Das berühmte Argument von Habermas gegen die liberale Eugenik bezieht sich u.a. auf das Verhältnis der “künstlich geschaffenen“ Person zu ihrem „Creator“,  z.B. den Eltern. Kann sie sich als frei erleben, wenn ihre Eigenschaften doch durch Intervention angelegt wurden? Anders als die natural lottery, auf die zumindest kein anderer Mensch Einfluss hat, geht dem genetic intervening eine bewusste Wahl voraus. Eigenschaften sind dann kein Ausdruck mehr von chance, sondern choice. Deswegen, so der Redner, könnten diese Praktiken die gesellschaftlichen Vorstellungen von Selektion drastisch verändern. Da ist sicherlich was dran. Aber es ist wichtig zu sehen, dass es eine andere Art der Selektion ist.

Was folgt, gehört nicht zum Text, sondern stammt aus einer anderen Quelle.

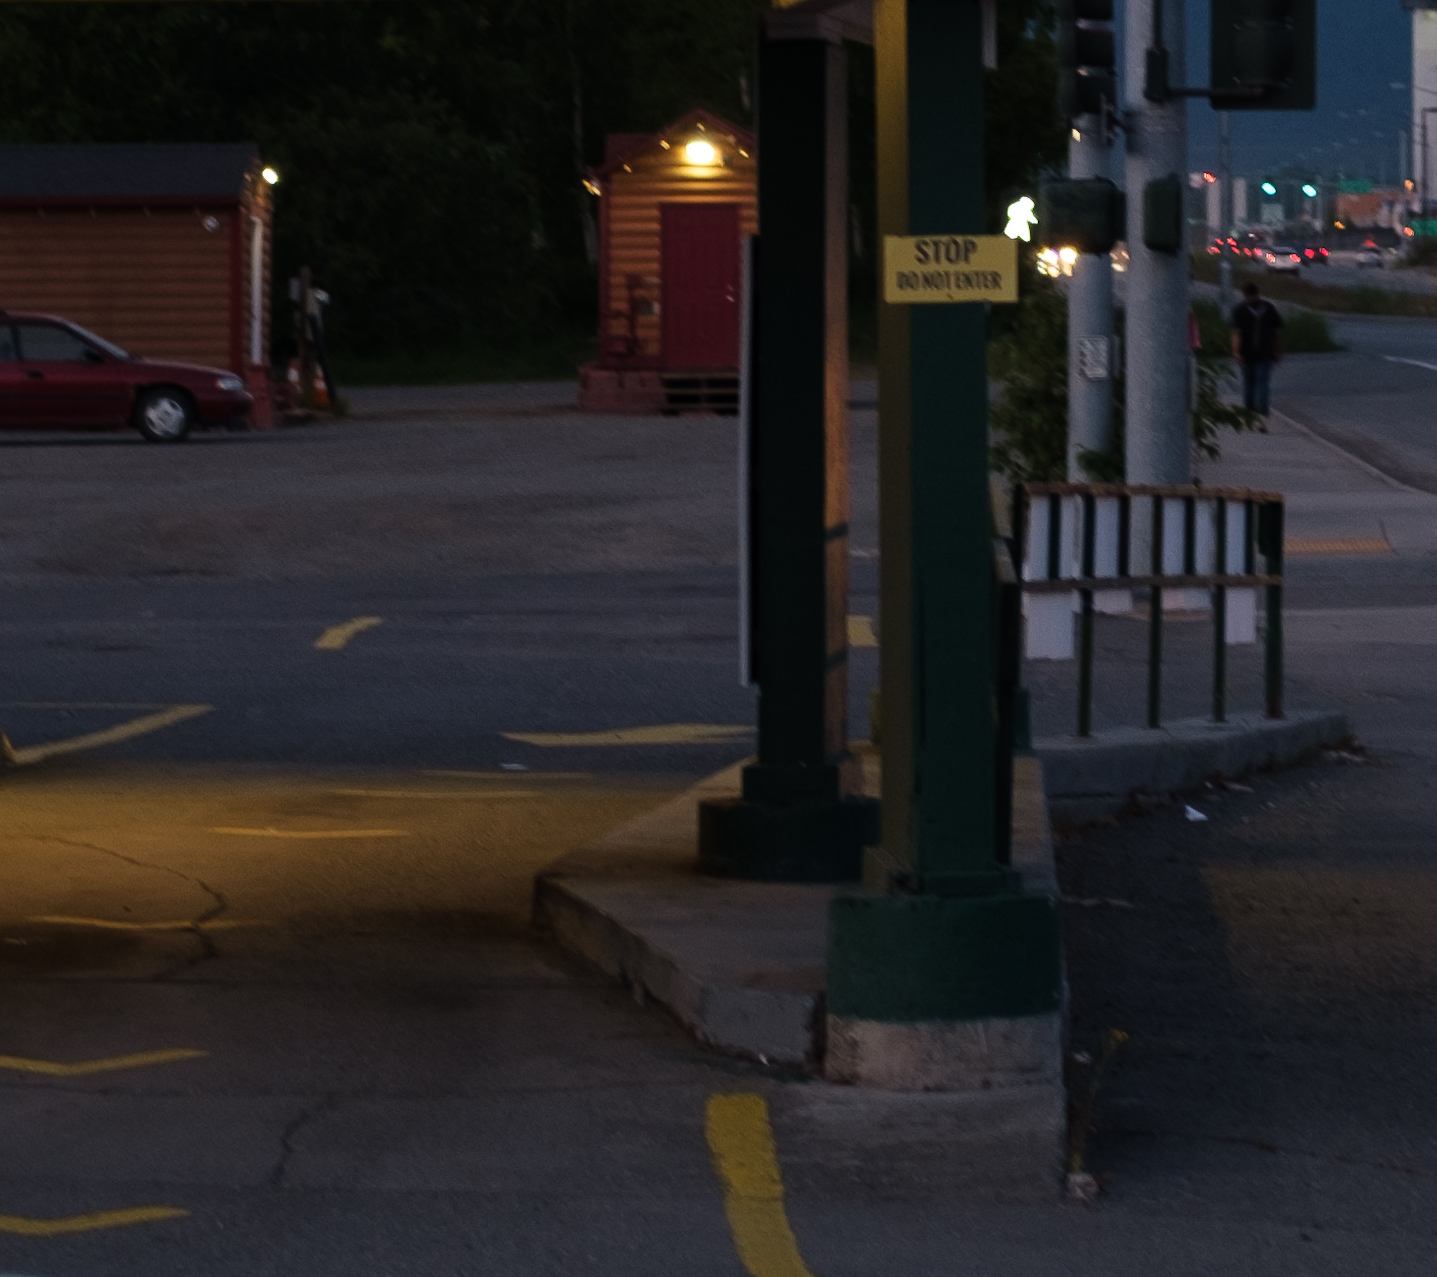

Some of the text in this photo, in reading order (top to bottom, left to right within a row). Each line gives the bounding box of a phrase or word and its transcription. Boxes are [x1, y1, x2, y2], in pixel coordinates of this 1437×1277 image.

Bei der PID wird der in-vitro gezeugte Embryo in toto verworfen, weil er bestimmte Eigenschaften hat. Bei genetischen Interventionen hingegen werden Eigenschaften eines existierenden Embryos verändert. Der zentrale Unterschied liegt also darin, dass sich der eine Embryo nie weiterentwickeln kann, der andere aber schon, er bleibt sogar häufig identisch (Feinheiten der philos. Debatte um diachrone Identität außer acht gelassen). Das Individuum bleibt also erhalten, und deswegen ist die Frage nach dem Rechts- bzw. Würdestatus des Embryos nicht (so) entscheidend. Aus Sicht des Betroffenen, so könnte man sagen, ist der Eingriff verglichen mit der Verwerfung wesentlich weniger schwer, vlt. ein qualitativ anderer, zweifelsohne harmloser.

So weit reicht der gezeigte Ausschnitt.